My nodes are uniform, each with:
- Intel HD Graphics 530 (integrated GPU)
- Multi-core CPUs (no AVX-512)
- 16 GB RAM per node
- Running lightweight VMs with Debian-based distros
This blog post outlines my experience, step-by-step setup, issues I encountered, and ultimately why I could not use Exo effectively in this configuration.
Why Exo?
Exo promises:
- Distributed inference for LLMs (like Mistral or LLaMA)
- Support for containerized node deployment
- Scalability with multiple compute nodes
- Open-source and locally hosted
It’s a promising project, especially for offline use in homelab environments.

Step-by-Step Installation Summary
1. Git Clone and Setup
git clone https://github.com/exo-explore/exo.git
cd exo
2. Install Prerequisites (on all nodes)
sudo apt update && sudo apt install -y python3 python3-venv build-essential git
3. Create Python venv
python3 -m venv .venv
source .venv/bin/activate
pip install -r requirements.txt
After installing countless dependencies, I finally got this running on all 3 nodes, and all three nodes could see each other. Everything looked to be running smoothly at this point.

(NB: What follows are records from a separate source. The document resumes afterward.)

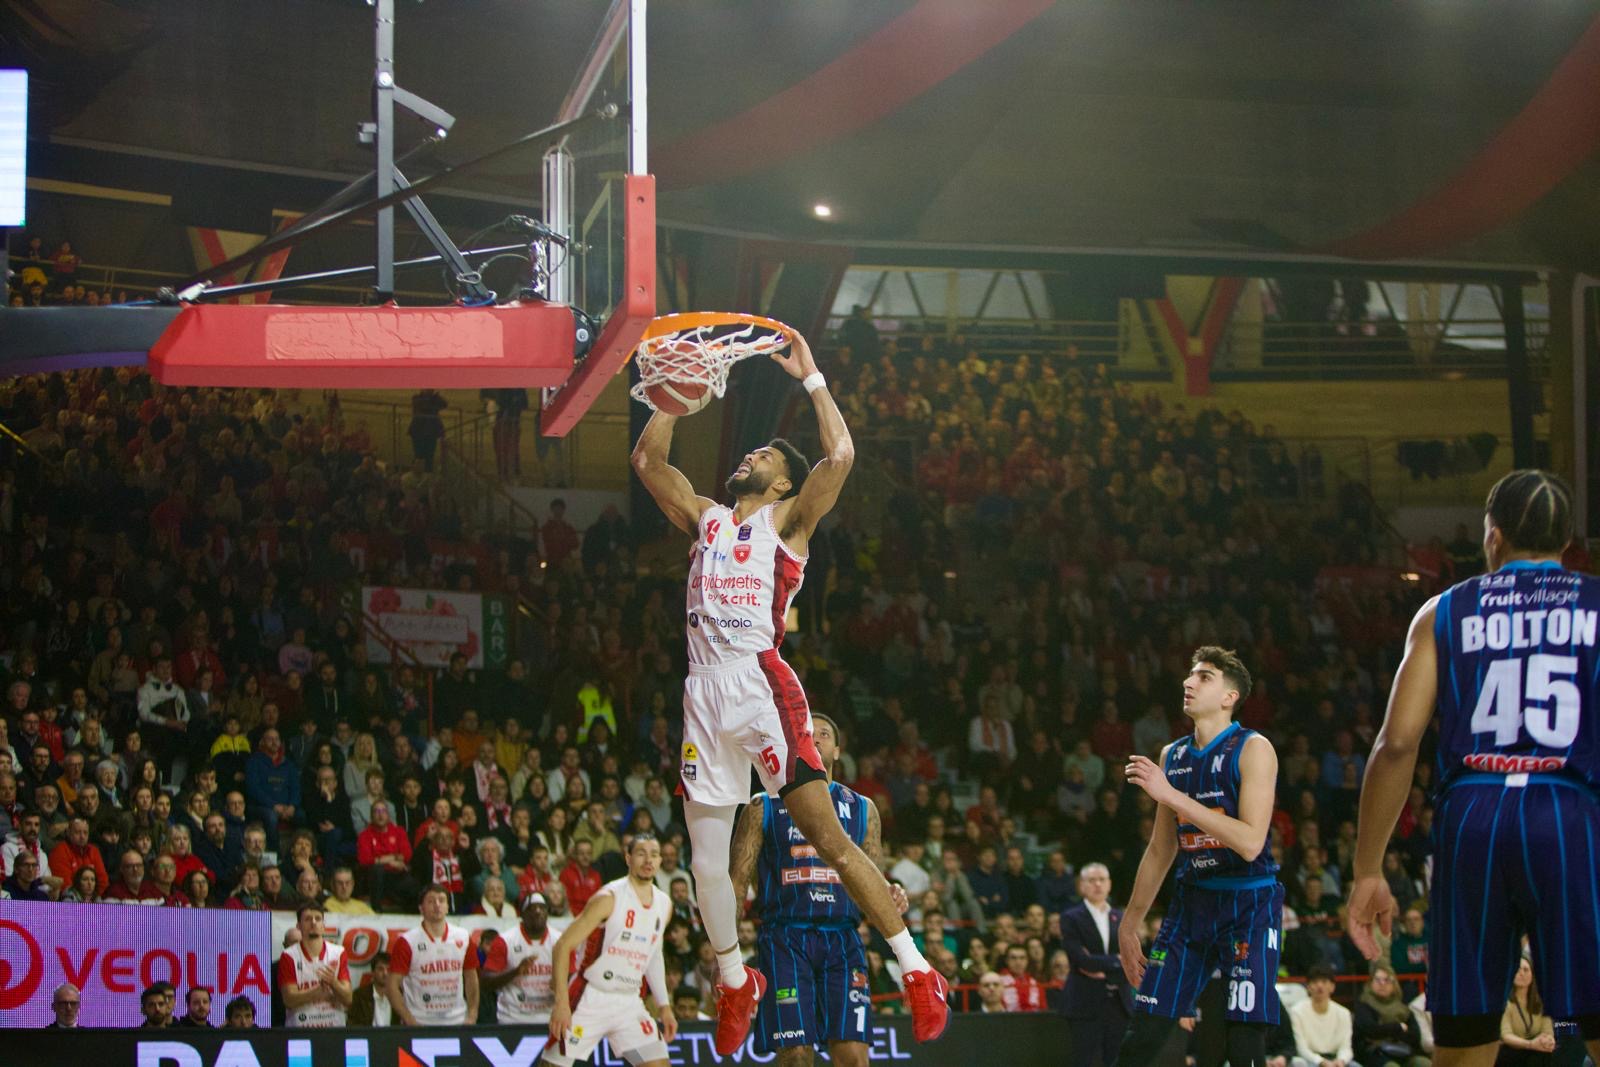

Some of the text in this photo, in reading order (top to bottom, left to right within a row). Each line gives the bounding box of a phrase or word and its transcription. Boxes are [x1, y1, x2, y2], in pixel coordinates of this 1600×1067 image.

[708, 594, 719, 602] by
[489, 600, 505, 650] BAR
[703, 616, 753, 628] motorola
[1461, 608, 1598, 653] BOLTON
[1471, 654, 1581, 749] 45
[1211, 754, 1225, 773] N
[1463, 754, 1567, 773] KIMBO
[837, 801, 852, 819] N
[625, 909, 636, 929] 8
[1268, 927, 1278, 950] N
[55, 946, 271, 995] VEOLIA
[1228, 980, 1256, 1012] 30
[854, 1005, 866, 1033] 1
[773, 1029, 806, 1040] GIVOVA

When I tried to interact with AI, the program would just error out. Basically due to my lack of GPU hardware on the cluster.
Issues Encountered
🚫 No GPU Support for Exo Inference
- Exo requires GPU acceleration to function efficiently.

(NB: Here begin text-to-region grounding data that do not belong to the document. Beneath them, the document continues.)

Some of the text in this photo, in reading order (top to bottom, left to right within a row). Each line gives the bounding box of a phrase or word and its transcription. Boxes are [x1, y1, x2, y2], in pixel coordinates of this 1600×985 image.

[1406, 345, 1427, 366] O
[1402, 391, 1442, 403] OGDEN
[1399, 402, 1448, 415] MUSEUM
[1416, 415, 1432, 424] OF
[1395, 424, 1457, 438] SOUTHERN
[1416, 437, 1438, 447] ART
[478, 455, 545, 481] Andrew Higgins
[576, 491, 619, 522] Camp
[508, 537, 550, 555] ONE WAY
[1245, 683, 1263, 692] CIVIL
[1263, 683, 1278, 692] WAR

- My hardware (Intel HD 530) has no CUDA, no ROCm, and no OpenCL support for PyTorch.
- CPU-only fallback is not officially supported or extremely inefficient.

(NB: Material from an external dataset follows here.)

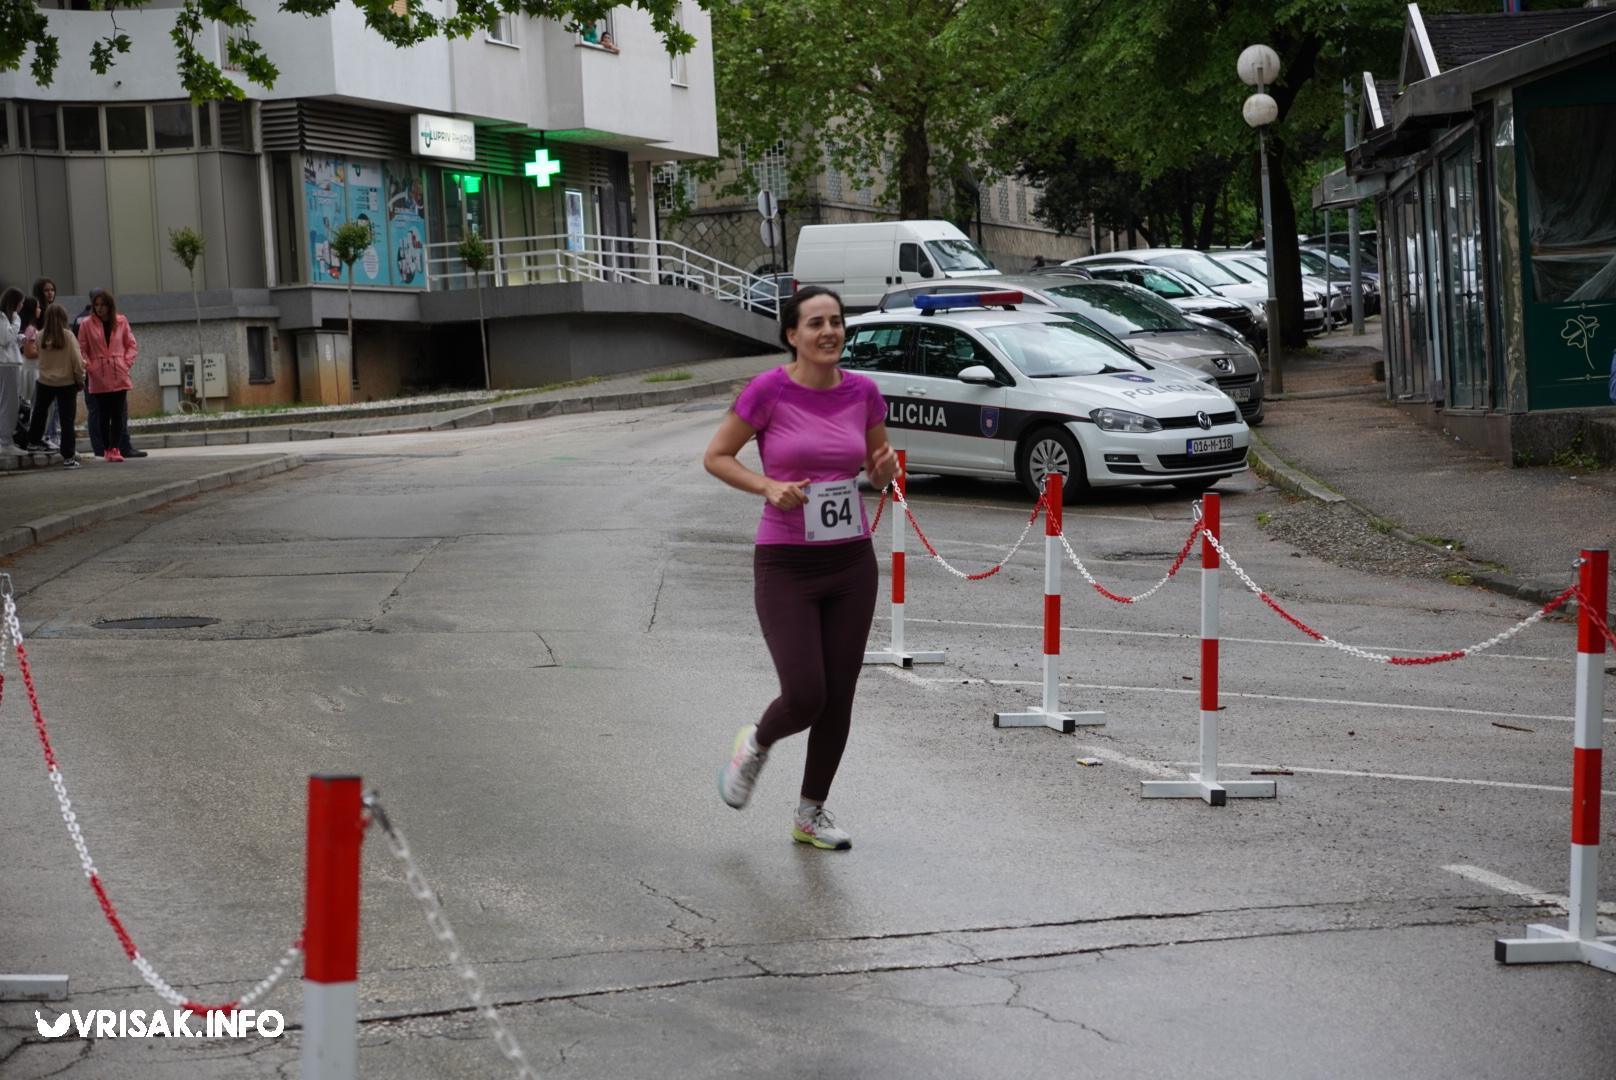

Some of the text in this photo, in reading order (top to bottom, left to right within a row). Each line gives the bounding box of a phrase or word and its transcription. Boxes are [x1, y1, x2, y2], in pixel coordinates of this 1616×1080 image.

[1122, 384, 1214, 399] POLICIJA
[885, 402, 947, 427] LICIJA
[821, 498, 852, 528] 64

🛠 Incompatibility with Llama.cpp
Some models I tested (GGUF via llama.cpp
) were not compatible with Exo’s loading mechanism.
⚠️ Lack of Community Support for CPU-only Clusters
Very few users seem to be running Exo without GPUs. Issues related to CPU fallback were largely unanswered or marked as unsupported.
Workarounds I Attempted
- ✅ Tried smaller models (TinyLLaMA, Phi-2 quantized) — still slow or failed to start
- ✅ Lowered worker thread count and concurrency — still slow or failed to start
- ✅ Rewrote config for minimal parallelism — still slow or failed to start
Final Decision: Move to Ollama + Load Balancing
Due to lack of GPU support, I chose to:
- Decommission Exo from my stack
- Use Ollama instead — it runs well on CPU-only systems
- Deploy one model per node in my Proxmox cluster
- Build a load balancer + lightweight chat UI to mimic distributed inference
My Conclusions
While Exo is a very exciting project and I so wish I had it running on this cluster, it’s currently not viable for:
- Clusters without dedicated NVIDIA or AMD GPUs
- Homelabs with integrated graphics only
If you’re in a similar situation and want to run LLMs locally:
- ✅ Use Ollama for GGUF models (CPU-optimized)
- ✅ Explore Text Generation WebUI or LM Studio
- ✅ Create a local load-balanced endpoint for pseudo-clustered inference
I will be adding a new server to my home lab with an Nvidia GPU, so I will have this running eventually.
Hopefully Exo evolves to support CPU clusters in the future — I’ll be watching!